Answer:
x^3 - 6x^2 + 12x - 8 = 0
Explanation:
Let the roots of the equation x^3 - 8x + 3 = 0 be a, b, and c. Then, we know that the squares of the roots are a^2, b^2, and c^2.
By Vieta's formulas, we know that the sum of the roots of x^3 - 8x + 3 = 0 is 0, since there is no x^2 term:
a + b + c = 0
We also know that the product of the roots is 3/1 = 3:
abc = 3
Using the fact that the squares of the roots are a^2, b^2, and c^2, we can write:
a^2 + b^2 + c^2 = (a + b + c)^2 - 2(ab + ac + bc)
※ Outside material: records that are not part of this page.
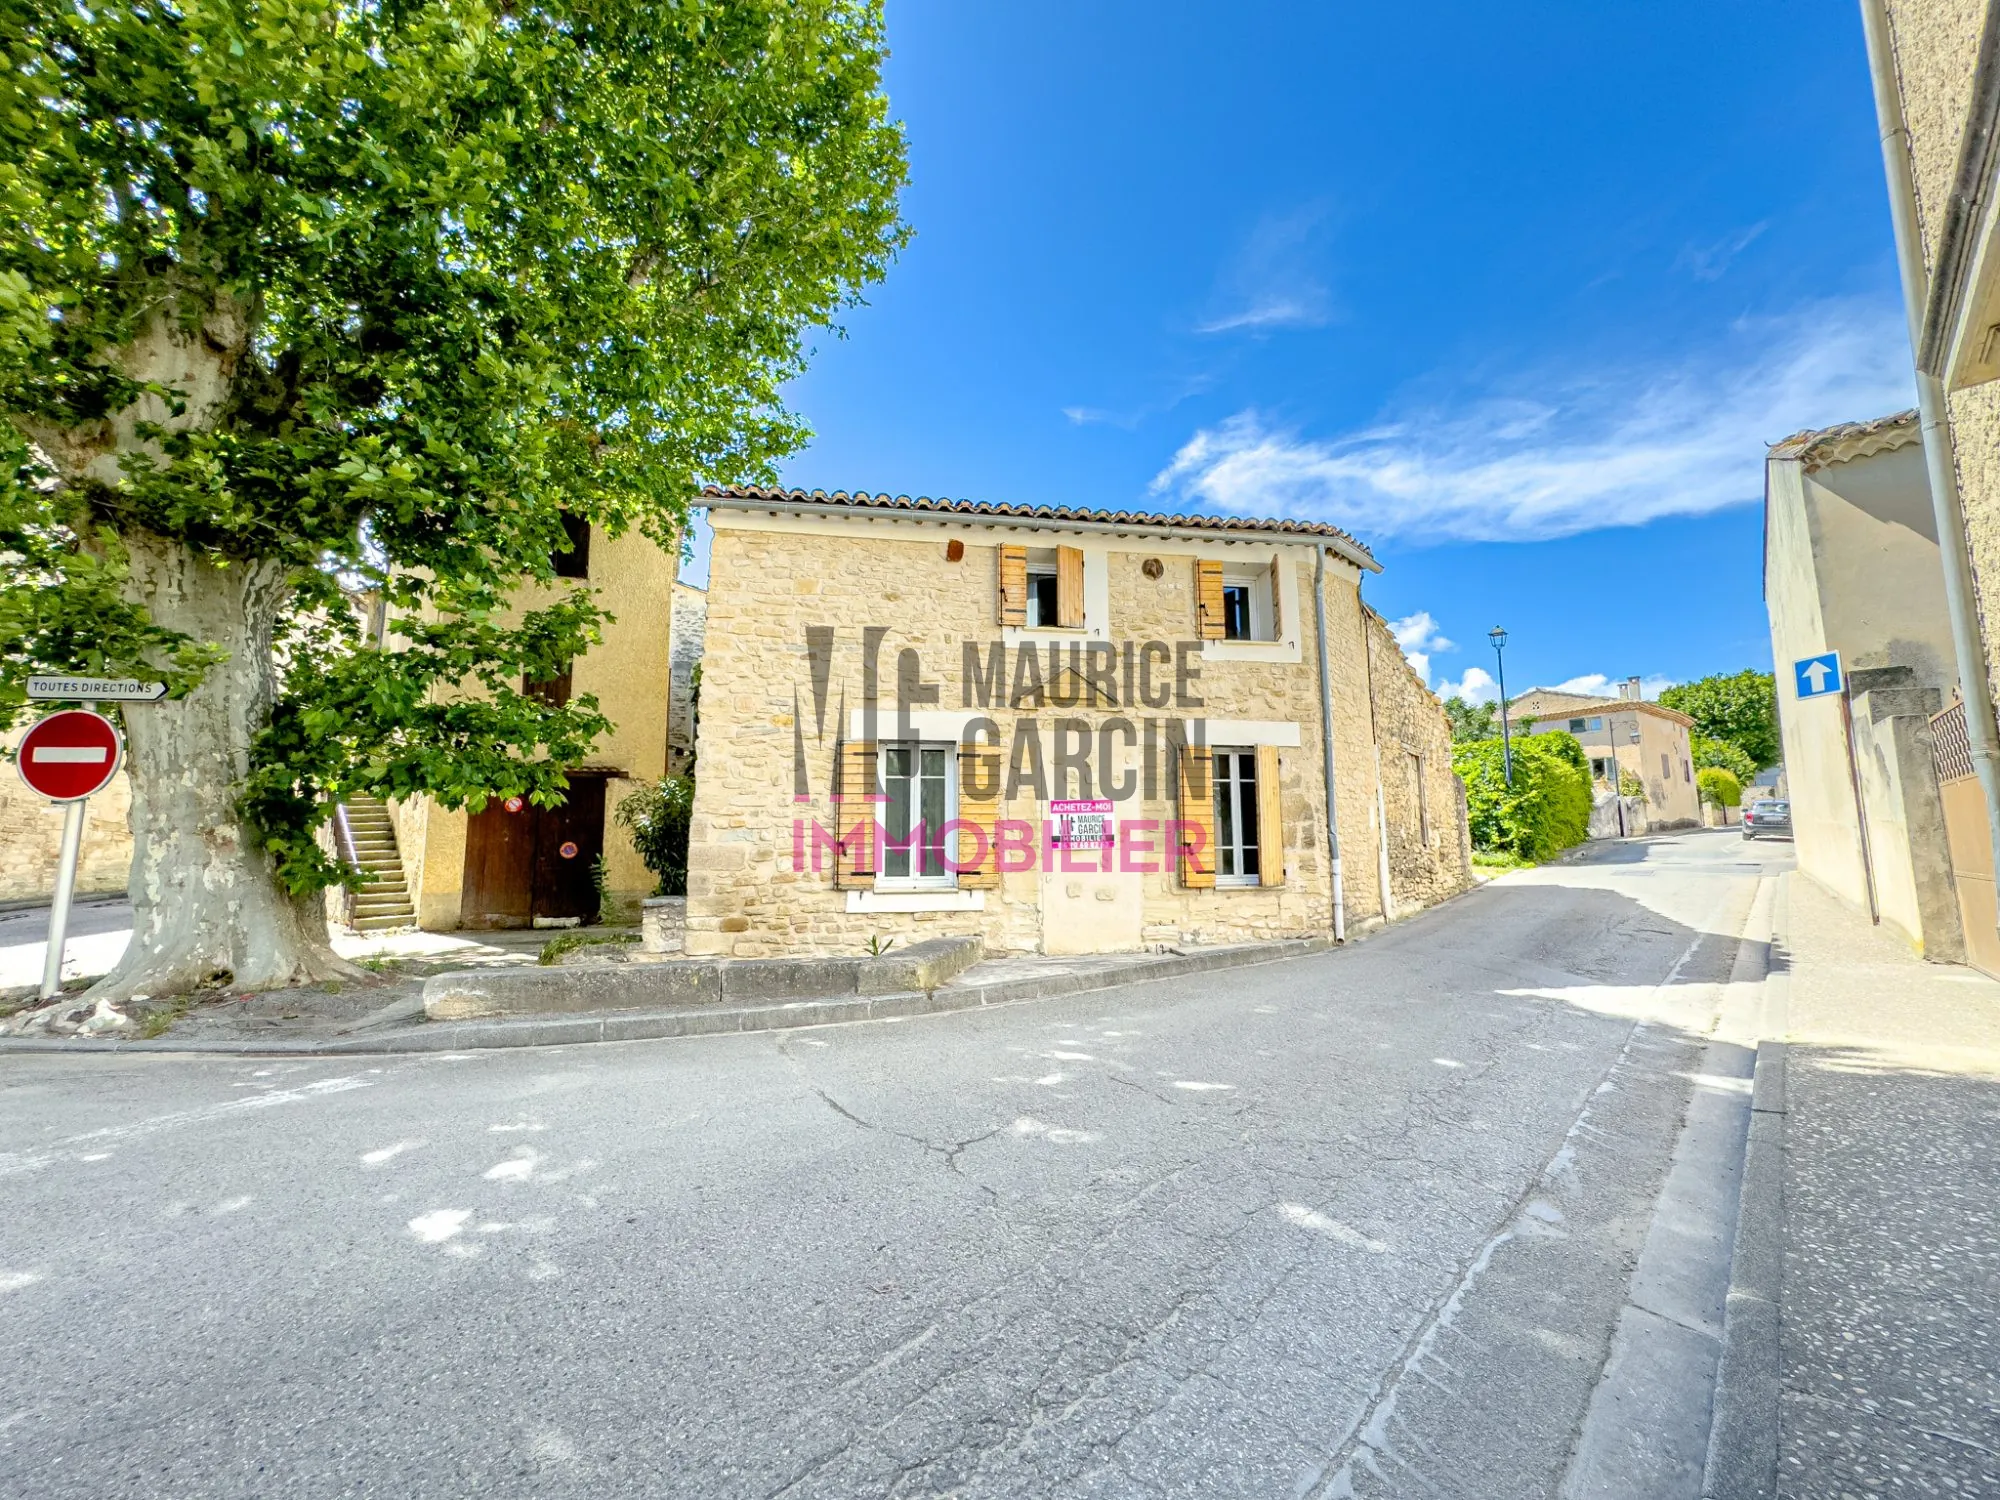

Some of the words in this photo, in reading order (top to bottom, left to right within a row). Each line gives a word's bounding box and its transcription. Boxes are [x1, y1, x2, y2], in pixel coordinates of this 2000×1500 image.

[33, 682, 78, 692] TOUTES
[81, 683, 152, 693] DIRECTIONS
[1052, 803, 1112, 812] ACHETEZ-MOI
[1077, 815, 1105, 823] MAURICE
[1078, 824, 1106, 834] GARCIN
Since a + b + c = 0, this simplifies to:
a^2 + b^2 + c^2 = -2(ab + ac + bc)
Now, let's try to find a cubic equation with roots a^2, b^2, and c^2. We can start with:
(x - a^2)(x - b^2)(x - c^2) = 0
Expanding the left side, we get:
x^3 - (a^2 + b^2 + c^2)x^2 + (a^2b^2 + b^2c^2 + c^2a^2)x - a^2b^2c^2 = 0
Using the identity we found earlier for a^2 + b^2 + c^2, we can simplify this to:
x^3 + 2(ab + ac + bc)x - 3a^2b^2c^2 = 0
Now, we can substitute in the values we know for ab, ac, and bc:
ab = (a + b + c)(ab + ac + bc) - (a^2b + ab^2 + c^2a)
ac = (a + b + c)(ab + ac + bc) - (a^2c + ac^2 + b^2a)
bc = (a + b + c)(ab + ac + bc) - (b^2c + bc^2 + a^2b)
Plugging in these values and simplifying, we get:
x^3 - 6x^2 + 12x - 8 = 0
Therefore, the cubic equation we're looking for is:
x^3 - 6x^2 + 12x - 8 = 0
And the roots of this equation are the squares of the roots of x^3 - 8x + 3 = 0.